Dans les pays occupés (alors qu'il n'était plus question désormais d'exil vers l'étranger pour les Juifs), l'«aryanisation» de l'économie fut plus rapide et plus brutale: partout, des décrets ou des ordonnances obligèrent les Juifs à liquider leurs entreprises, les plus petites étant purement et simplement fermées, les plus importantes passant à des acheteurs «aryens» sous le contrôle des autorités allemandes. Parmi ces acheteurs se trouvaient souvent des firmes allemandes bien décidées à profiter de l'aubaine. En outre, différentes mesures, comme le blocage des comptes bancaires, permettaient de parfaire ce processus d'expropriation. Enfin, la déportation permettra aux nazis ainsi qu'à leurs collaborateurs dans les pays occupés de faire main basse sur les biens des maisons et des appartements qu'occupaient les Juifs.

3. La concentration

La concentration des Juifs avait un double but. Il s'agissait de regrouper les Juifs avant leur élimination mais aussi de rompre tous les liens qu'ils pouvaient entretenir avec la société environnante.

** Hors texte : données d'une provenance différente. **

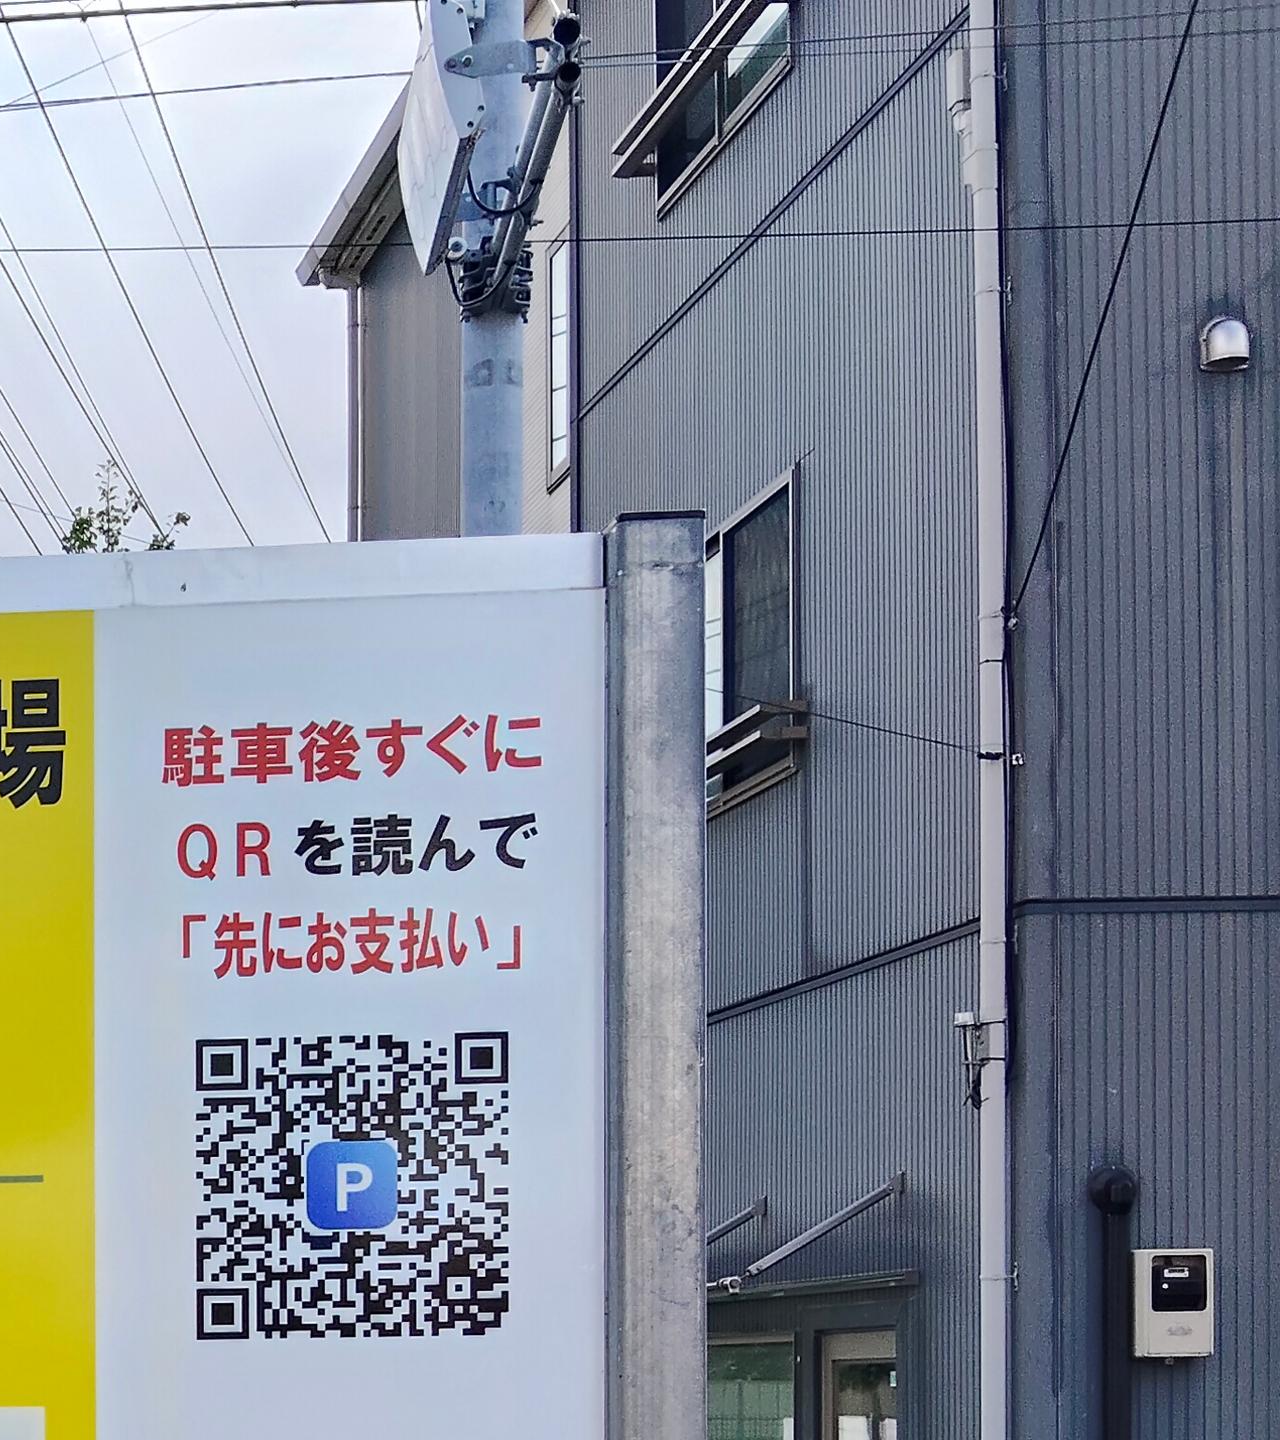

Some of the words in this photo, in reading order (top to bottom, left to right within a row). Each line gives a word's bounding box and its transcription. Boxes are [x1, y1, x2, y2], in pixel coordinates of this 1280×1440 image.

[162, 715, 541, 787] 駐車後すぐに
[183, 908, 520, 979] 「先にお支払い」
[337, 1163, 373, 1211] P

Alors que l'émancipation avait entraîné la disparition des ghettos, les nazis vont s'acharner à reconstituer cette barrière physique entre les Juifs et les non-Juifs, même si les ghettos de la Seconde Guerre mondiale n'ont pratiquement rien à voir avec ceux des siècles passés.

Parmi les premières mesures dans ce sens figure la loi de 1935 pour la protection du sang allemand qui interdisait le mariage et les relations sexuelles entre Juifs et non-Juifs. S'y ajoutèrent différentes dispositions visant à interdire les lieux publics, les écoles supérieures, les transports et même les plages aux Juifs.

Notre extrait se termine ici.